Сели они вдвоем за стол в избе и повели с глазу на глаз беседу. Он стал рассказывать о своей горькой жизни, о том, как тяжело ему управляться с детишками, которые без матери совсем оплошали — ни чистых рубашонок у них, ни горячей стряпни… Бутид-Ханда, слушая его, прослезилась. Ребятишек стало жалко. А он продолжал:
— Кто ко мне пойдет? Пятеро детей у меня. Да и года мои немолодые. Обижать я не буду, лишь бы за детишками приглядывала…
Бутид-Ханда уронила голову на стол и заплакала: так вот какой участи она дождалась! А как же ее маленький Бадарма?
— Со мной не пропадешь… Я зарабатываю неплохо, и все у нас есть. Ребенок твой самым младшим будет из всех. — Он по-отечески положил ей на плечо руку: — Не плачь. Раз уж мы с тобой такие несчастные…
Бутид-Ханда сбросила его руку с плеча и встряхнула головой.
— Хватит! — сказала она резко. — Я счастлива, и, кроме сына, мне никого не нужно. Понимаете? Никого!
Так ни с чем и уехали сваты…
8
Горела тайга… Бурый дым, клубясь, валил над горными вершинами Чесаны. Солнце померкло в этой завесе.
Гатаб устроился в кабине трактора: уж отсюда его никто не вытащит! Вот только шумно ехать на таком гремучем чудовище — уши словно мхом заложены. Тарахтит да тарахтит. Слова не скажешь… Да и о чем говорить? Трактористу не до разговоров. Сидит угрюмый, на рычаги какие-то нажимает. А Гатаб смотрит слезящимися, но еще зоркими глазами вперед:
«Вот беда так беда… Не дошел бы огонь до Хулэрэгты… Богатая это гора».

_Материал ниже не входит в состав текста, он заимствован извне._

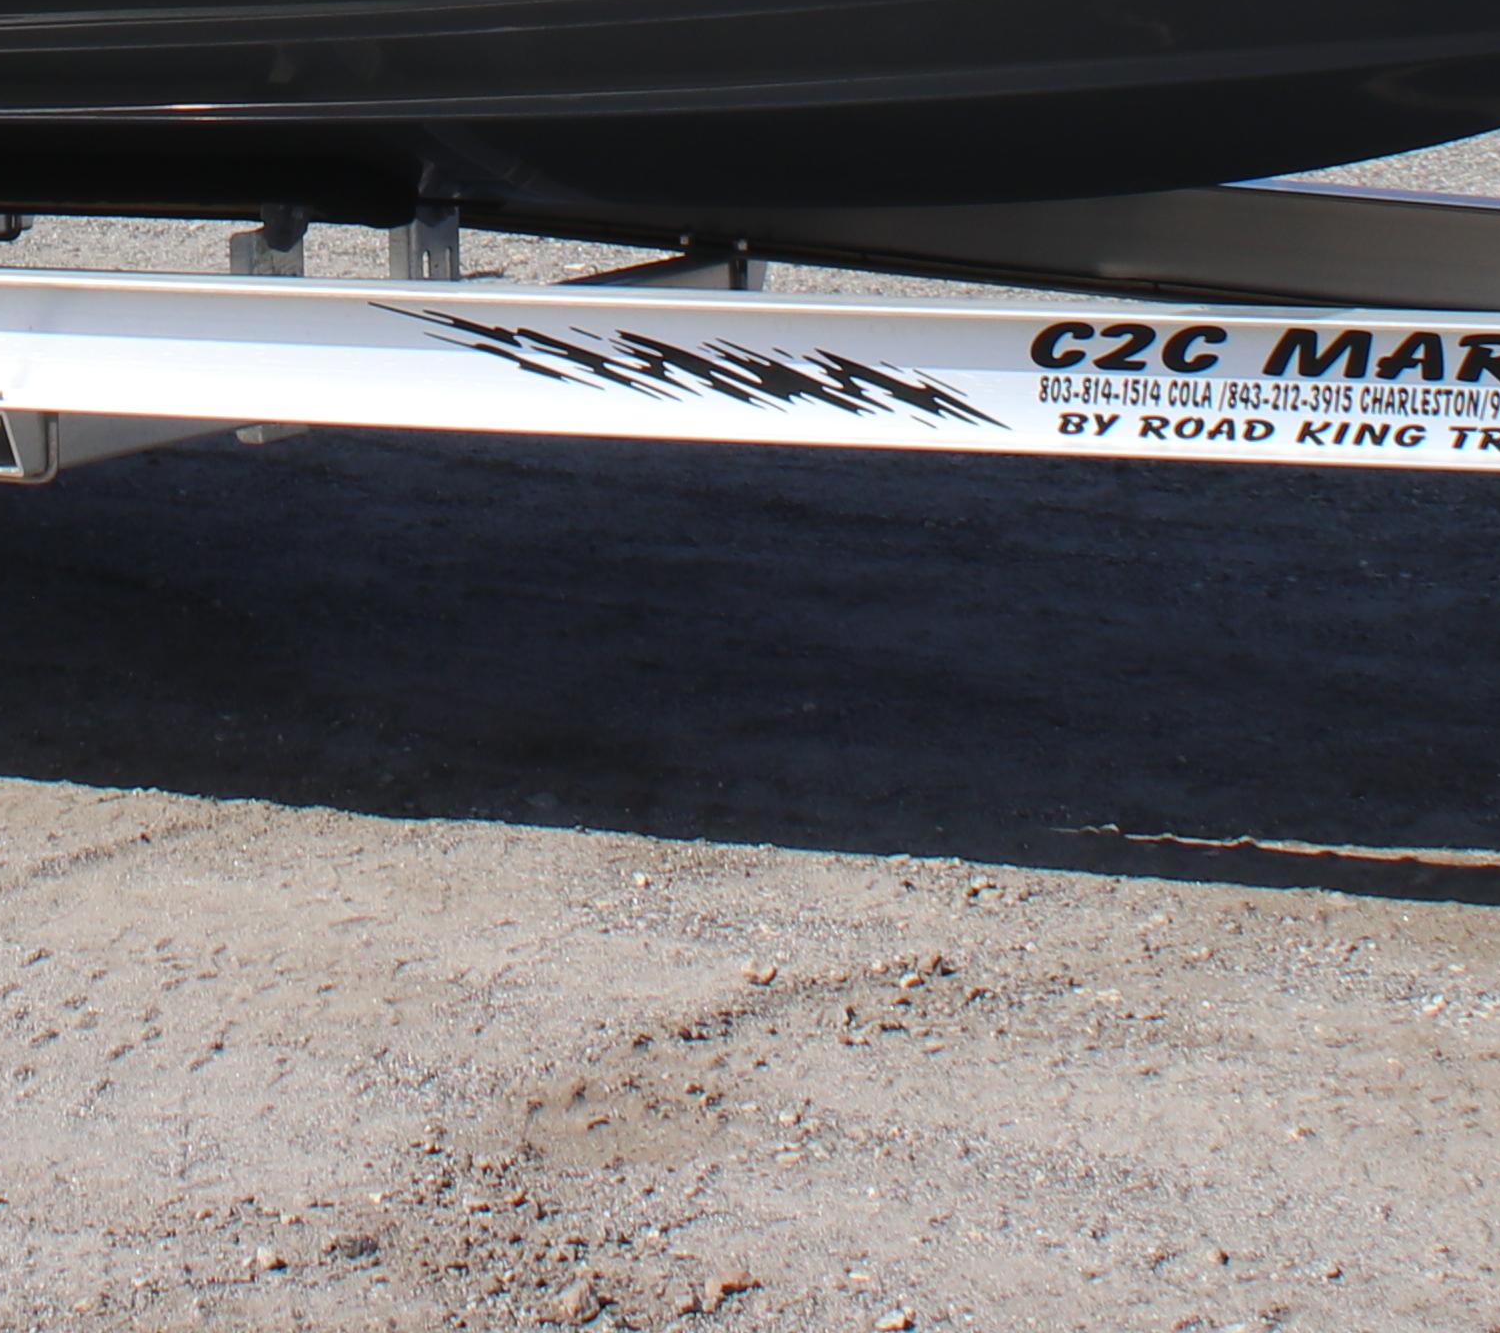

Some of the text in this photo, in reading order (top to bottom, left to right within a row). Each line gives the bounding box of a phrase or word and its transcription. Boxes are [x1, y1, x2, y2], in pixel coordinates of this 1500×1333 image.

С давних пор колхозники на Хулэрэгте заготовляли строительный лес. Сосны там прямые и высокие, с маслянистой желтой корой, ровные, как мачты — ни одного сучка от комля до самых верхушек. Много же лет они тянулись вверх под палящим солнцем и дождями, если стали такими высокими. Смолоду окрепли. Что им снега да метели! Зной и холод прокалили их насквозь, а вот против огня не устоят… Да разве тут усидишь дома?
Гатаб, между прочим, собирается дойти до обоо[8], если ноги выдержат. Обоо — самое высокое место на горе Хулэрэгте. Там, среди каменных глыб, разбросанных как попало, стоит одна старая-старая сосна. Ветки ее обросли мхом и лишайником. Хорошо под этой сосной читать молитвы. В прежние годы там Соржо-учитель, рыча как лев, громыхая подобно Лу — сказочному зверю, приводил в трепет иноверцев. Да и Хасаран-лама и другие знаменитые ламы Эгетуйского дацана[9] молились там. Давно уж никто не ходил туда. И молитвы забыли. Когда Володя еще учился в городе, старый Гатаб Дамбаев, бывало, соберет стариков и старушек и дрожащим напевным голосом начинает читать, подражая Соржо-учителю, древние молитвы. И все его слушали. Старик гордился, что удостоен такой чести… Еще бы. Ведь никто никогда не слыхал, чтобы Гатаб пьянствовал, занимался гаданием или шаманил, как это прежде делали ламы. Он был степенный старик и самый мудрый среди своих белоголовых сверстников.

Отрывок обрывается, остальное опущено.